ACTIVITY ::
Without including any pictures, write out the data below exactly.

Referring expression grounding data ::
□ □ □ □ □ □ □

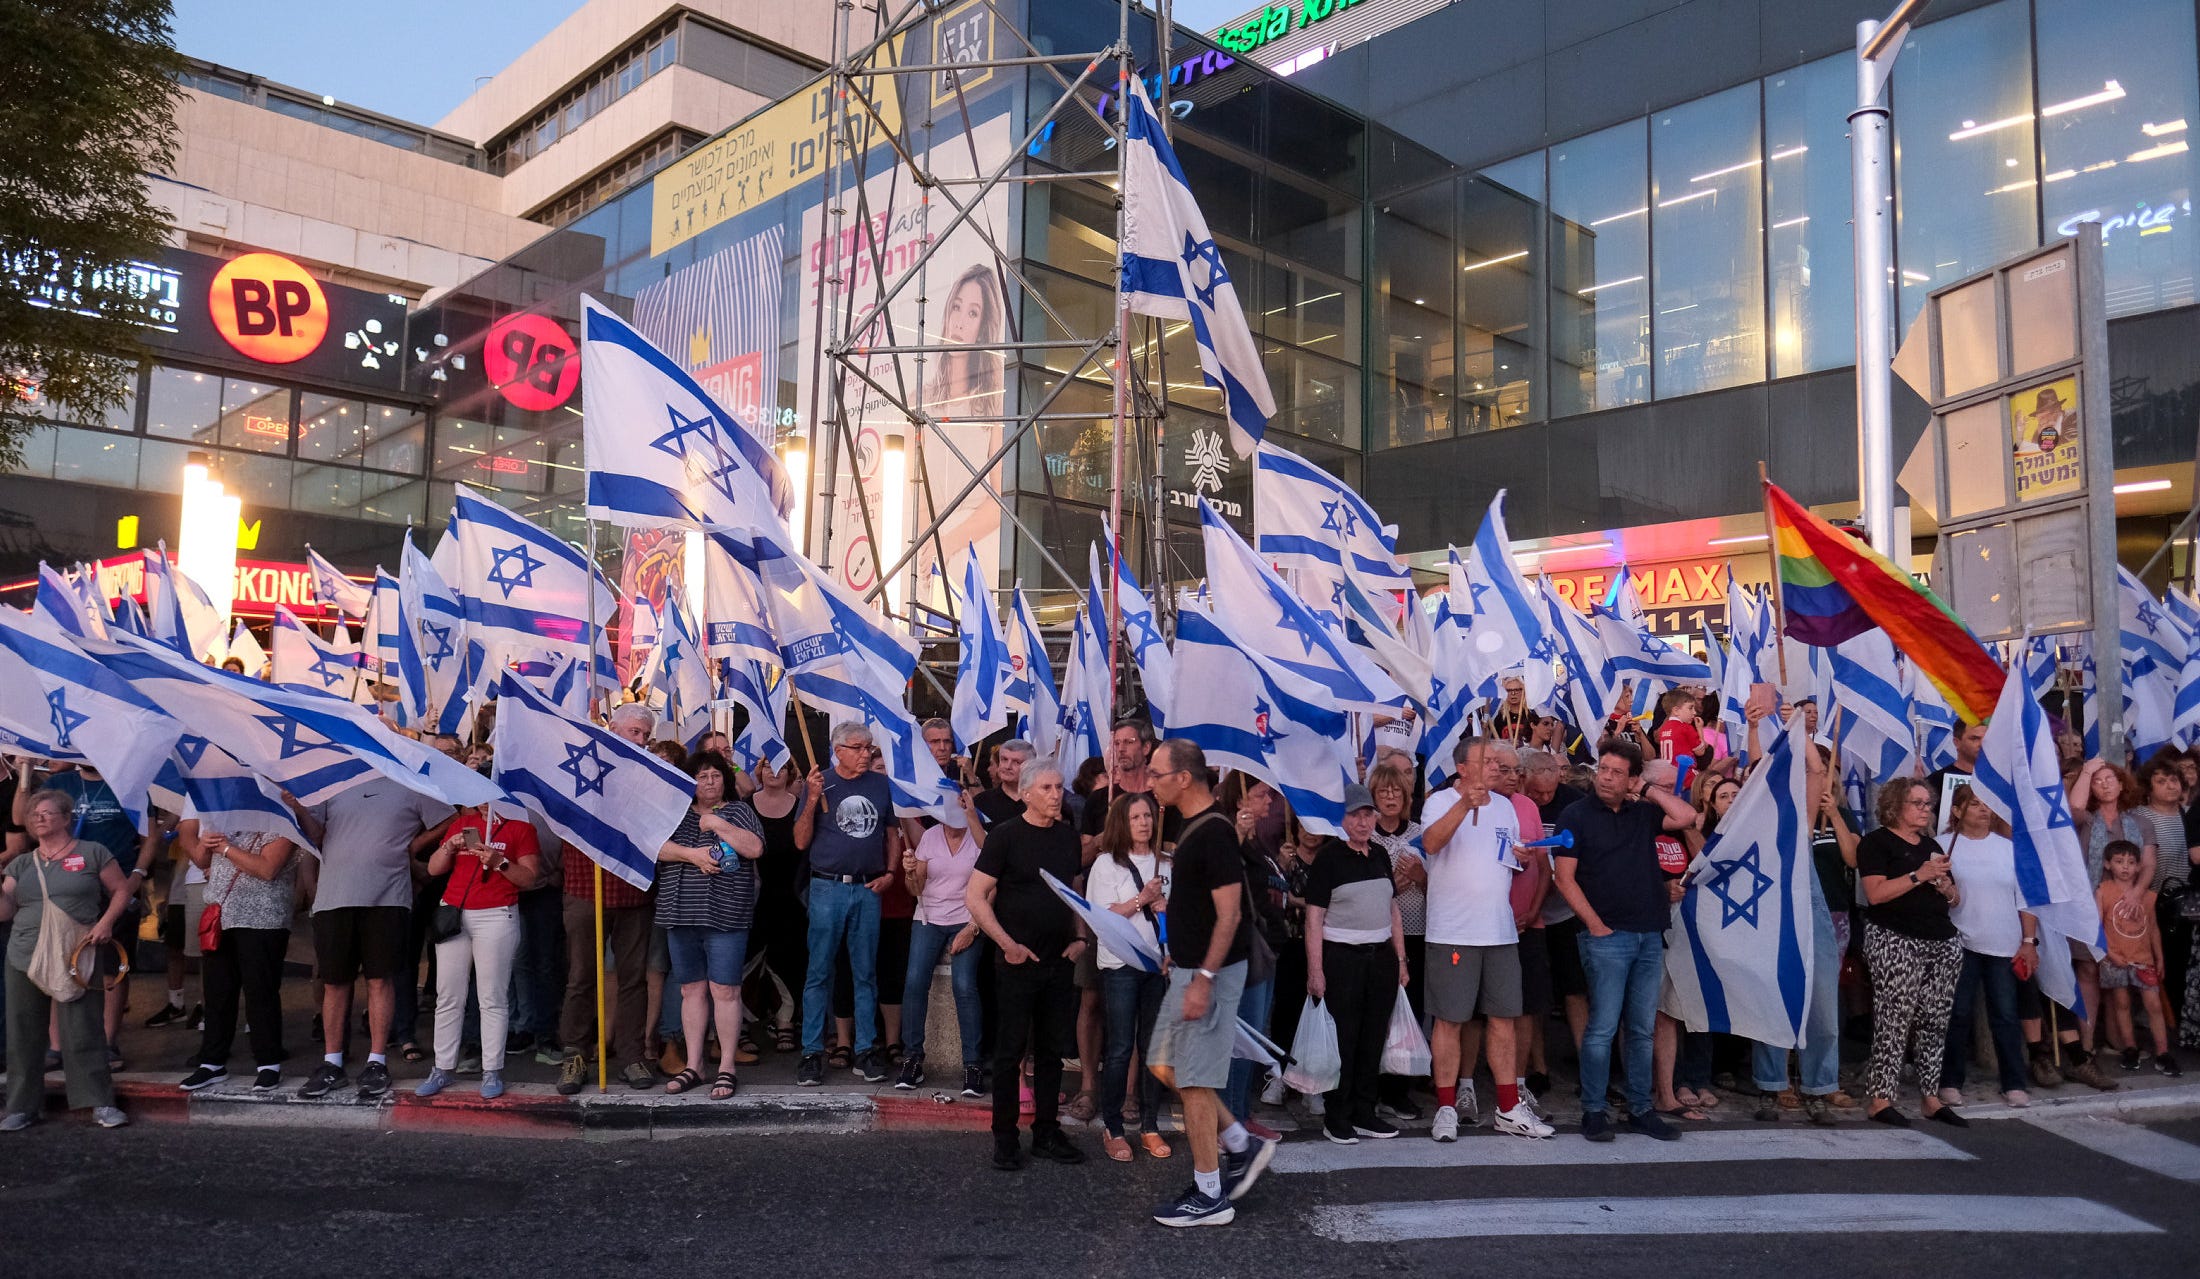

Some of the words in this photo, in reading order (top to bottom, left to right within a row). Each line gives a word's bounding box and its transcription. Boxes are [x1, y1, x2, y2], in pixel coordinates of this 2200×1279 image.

[943, 12, 983, 58] FIT
[1217, 6, 1289, 52] issta
[687, 144, 722, 179] לכושר
[725, 128, 756, 156] מרכז
[725, 139, 775, 181] ואימונים
[671, 167, 722, 210] קבוצתיים
[231, 278, 311, 337] BP
[2016, 452, 2056, 475] המלך
[2016, 462, 2080, 492] המשיח

□ □ □ □ □ □ □

RESULT ::
Some of the words in this photo, in reading order (top to bottom, left to right within a row). Each line gives a word's bounding box and its transcription. Boxes are [x1, y1, x2, y2], in pixel coordinates of this 2200×1279 image.

[943, 12, 983, 58] FIT
[1217, 6, 1289, 52] issta
[687, 144, 722, 179] לכושר
[725, 128, 756, 156] מרכז
[725, 139, 775, 181] ואימונים
[671, 167, 722, 210] קבוצתיים
[231, 278, 311, 337] BP
[2016, 452, 2056, 475] המלך
[2016, 462, 2080, 492] המשיח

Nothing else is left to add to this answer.